Unit trusts are great investments when you place your funds in a reliable and reputable company. But hey, forget the fallacy that a unit trust investment will make you a millionaire overnight. You need to exercise patience before you can start reaping the benefits—as a matter of fact, several years. 

Of course, investors are trying to navigate their way through the worst time when everything seems to rocket, and in a bad way—interest rates, inflation, oil prices, geopolitical tension, war to name but a few and one of the resounding questions on the minds of most investors is, “where do we go from here”? 

But, there has been a lot of positive news from South Africa in recent months. While global equities across the globe plummeted by 13% in Rands (5% in USD) in the first quarter of 2022, South African equities increased by 4% in Rands, a staggering 17%-rand differential performance within three months, this is according to Fin24’s Debra Slabber 

A closer look at the different asset class returns of the first quarter of 2022, the future is bright for investors looking to unit trusts as one of their best investment options in South Africa 

https://www.fanews.co.za/assets/marilyn_2022_1/02.06.202203.jpg 

Considering the surge in the number of unit trusts investment in the country, there’s no doubt that a unit trust creates value for investors and it’s now one of the best investment options in South Africa 

Unit trusts are attractive and a viable investment vehicle that can enable you to earn better investment returns in future. No doubt, when well managed and diversified, a unit trust investment can pay higher returns than bank deposits.  

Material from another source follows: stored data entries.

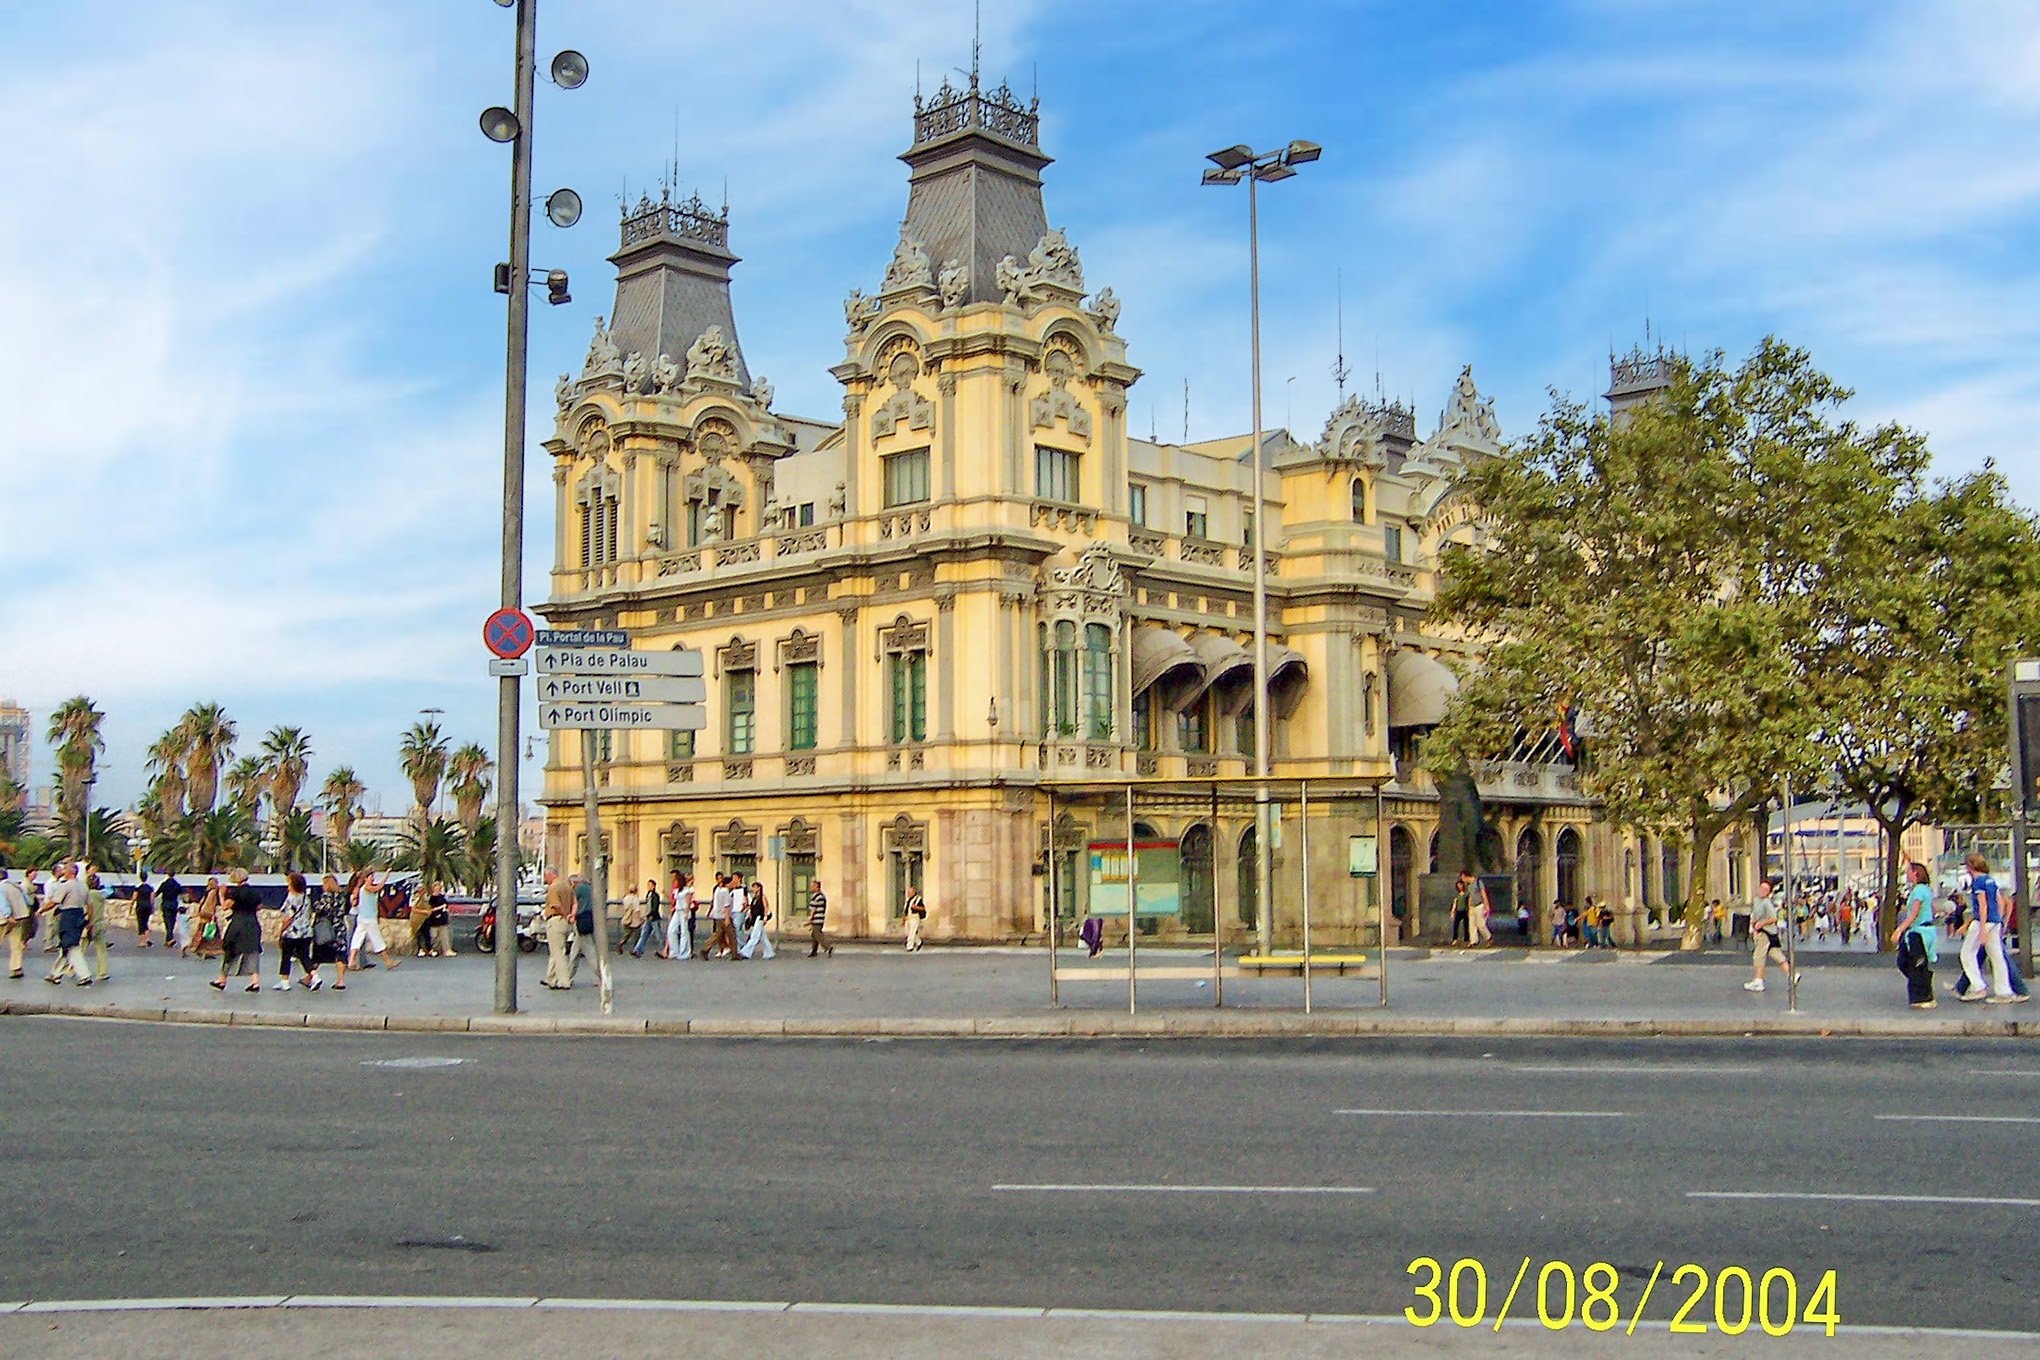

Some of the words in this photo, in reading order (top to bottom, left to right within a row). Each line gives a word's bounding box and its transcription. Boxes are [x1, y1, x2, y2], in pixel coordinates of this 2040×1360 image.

[560, 652, 582, 666] Pla
[588, 653, 604, 667] de
[610, 653, 647, 667] Palau
[563, 680, 592, 694] Port
[596, 681, 621, 694] Vell
[565, 708, 594, 721] Port
[599, 708, 652, 724] Olímpic

Unit trusts are also highly flexible investments that can deliver financial convenience since they do not have any restrictions when it comes to contributions and withdrawals.  

So, why invest in unit trust in South Africa? Despite the local stock market’s performance not being impressive, not all shares resulted in poor performance and neither did all investors register poor returns.  

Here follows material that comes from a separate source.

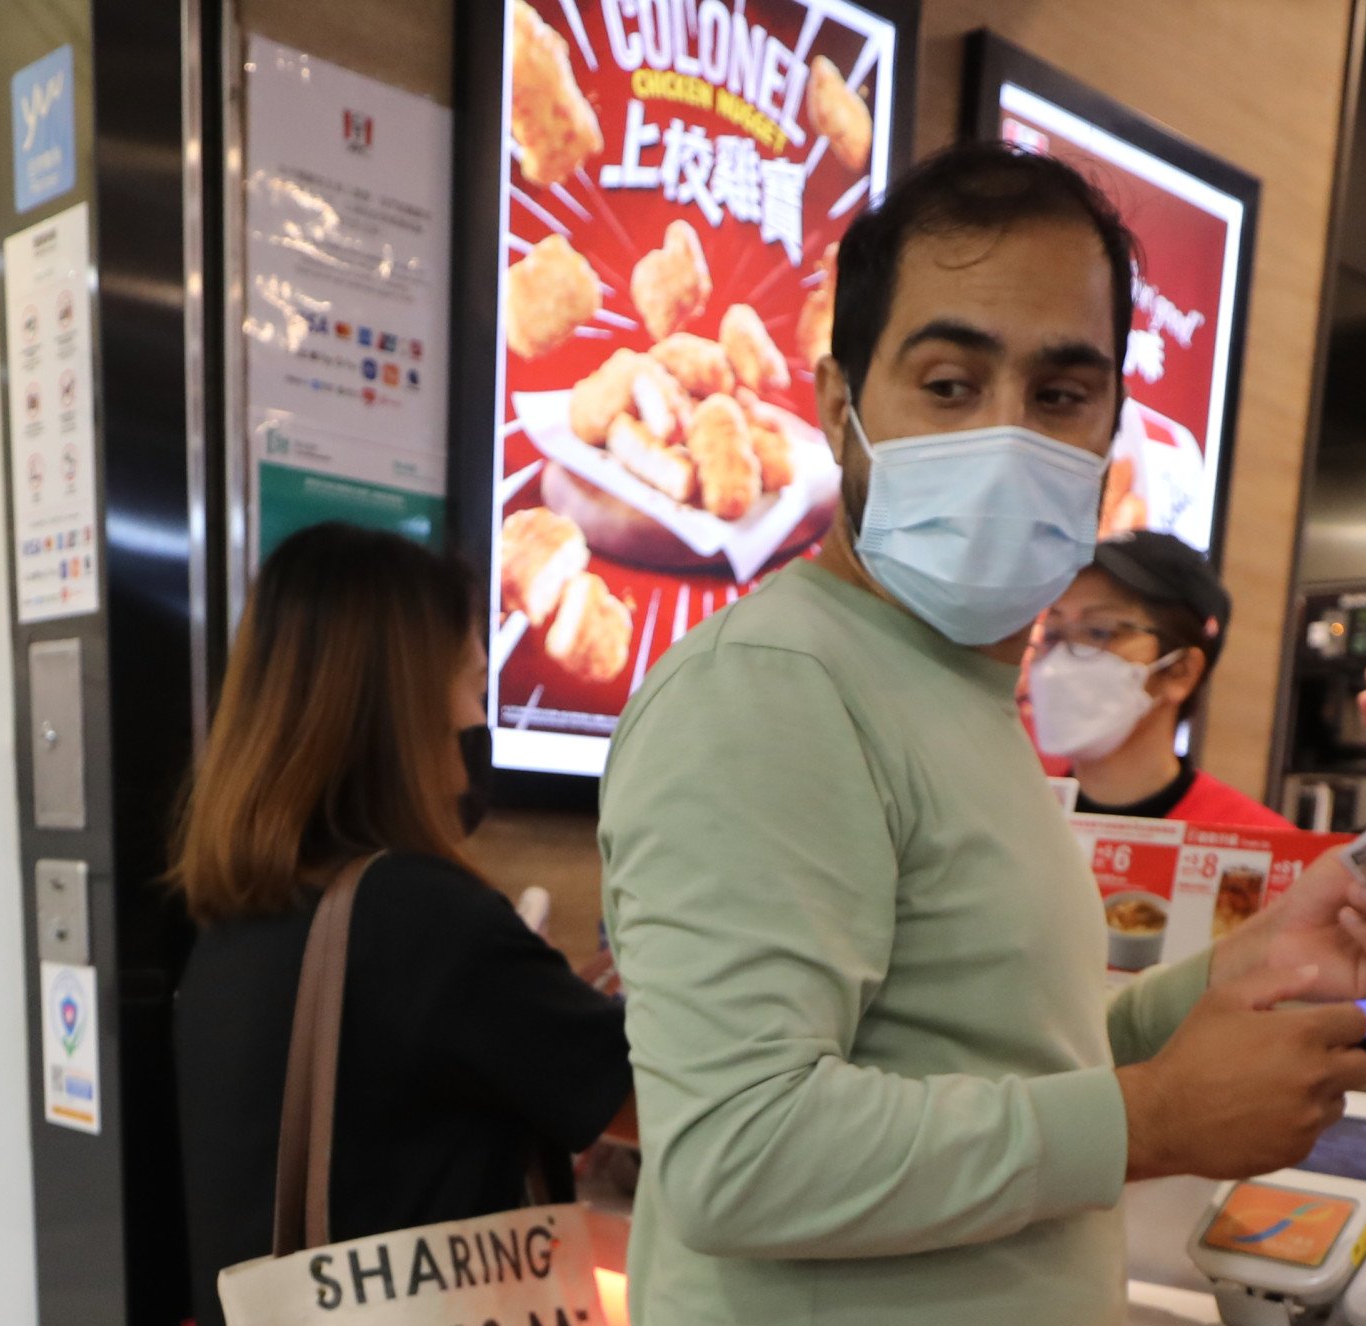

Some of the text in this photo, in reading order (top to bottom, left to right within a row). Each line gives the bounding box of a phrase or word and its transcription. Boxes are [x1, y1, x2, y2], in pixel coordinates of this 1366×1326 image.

[601, 0, 809, 147] COLONEL
[631, 67, 714, 111] CHICKEN
[308, 1227, 556, 1311] SHARING

Why is it this way? The secret is in the diversification of unit trusts investment and exposure offshore.  

Apparently, there are more than one thousand unit trusts schemes available in South Africa. And about a quarter of all unit trust assets are invested in the 20 largest funds as reported by Morningstar. Additionally, only a third of assets are invested with just three out of the 44 financial management institutions in South Africa.  

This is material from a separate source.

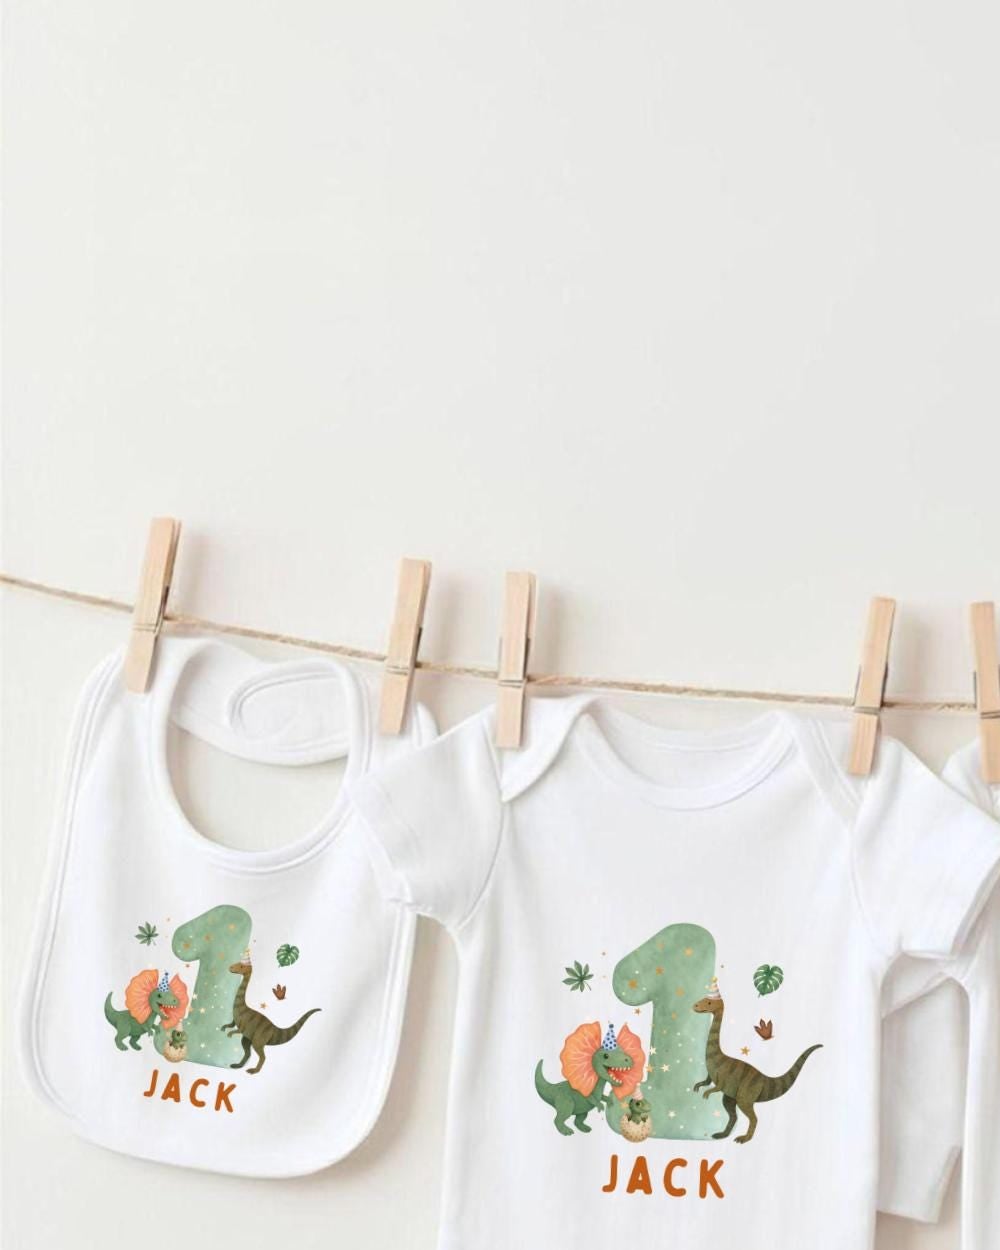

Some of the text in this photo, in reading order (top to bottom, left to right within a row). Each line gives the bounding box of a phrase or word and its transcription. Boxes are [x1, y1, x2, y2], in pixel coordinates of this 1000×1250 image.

[153, 905, 254, 1067] 1
[606, 922, 728, 1142] 1
[143, 1069, 237, 1114] JACK
[601, 1153, 727, 1200] JACK

According to recent statistics, the highest return earned from an active unit trust in South Africa over the last decade is 21.9% per annum created by the R26bn Old Mutual Global Equity fund. This portfolio has generated positive double-digit returns in 9 out of ten years. Want to see how much your money would grow be worth in 10 years see our investement calculator .

Fund 

10-year annualised return 

GinsGlobal US Equity Index fund 

22.1% 

Old Mutual Global Equity fund R 

21.9% 

Signature Capital Equity fund  

21.5% 

SFL Stanlib High Alpha Global Equity fund A 

20.7% 

Stout Stanlib Global Equity fund A 

19.5% 

Stanlib Global Equity feeder fund R 

19.3% 

SFL Stanlib Multi-Manager Global Equity fund A 

19.2% 

Ninety One Global Franchise feeder fund A 

18.9% 

AF Investments Global Equity feeder fund 

18.8% 

GinsGlobal Global Equity Index fund 

18.7% 

Allan Gray – Orbis Global Equity feeder fund 

18.6% 

Nedgroup Investments Global Equity feeder fund A 

18.4% 

SIS International Growth FoF 

18.3% 

Stanlib Multi-Manager Global Equity feeder fund B1 

18.2% 

Stout Stanlib Offshore America fund 

18.0% 

Source: Morningstar 

 

 

How is a Unit Trust investment taxed?

If you are a newbie in the world of investments, it’s worth noting that a tax-free unit trust would be the best deal to get you started on your savings or investment journey. Tax-free investments actually mean paying 0% tax on dividends, interest and capital gains. 

Tax-free unit trusts investment is one of the best investment options in South Africa. Legislated in 2015 by the National Treasury, the law is designed to encourage more South Africans into saving.   

Similar to the standard unit trust, tax-free unit trusts enables investors to invest their assets with some of the best investments companies in South Africa and beyond having the potential to generate higher returns than your ordinary bank account overtime. As the name insinuates, you don’t pay any tax on dividends, interest or capital gains, meaning your unit trust investment will have the potential to grow in leaps.  

Tax-free vs Standard Unit Trusts 

Both tax-free and standard unit trusts are fast becoming a craze all across South Africa as an increasing number of investors take advantage of this investment vehicle to access blue chip bonds and shares that are not affordably and directly available to investors with smaller investment budgets.  

Tax-free Unit Trusts 

  • By law you can save R36 000 every year or R500 000 over a lifetime in a tax-free vehicle such as a unit trust. 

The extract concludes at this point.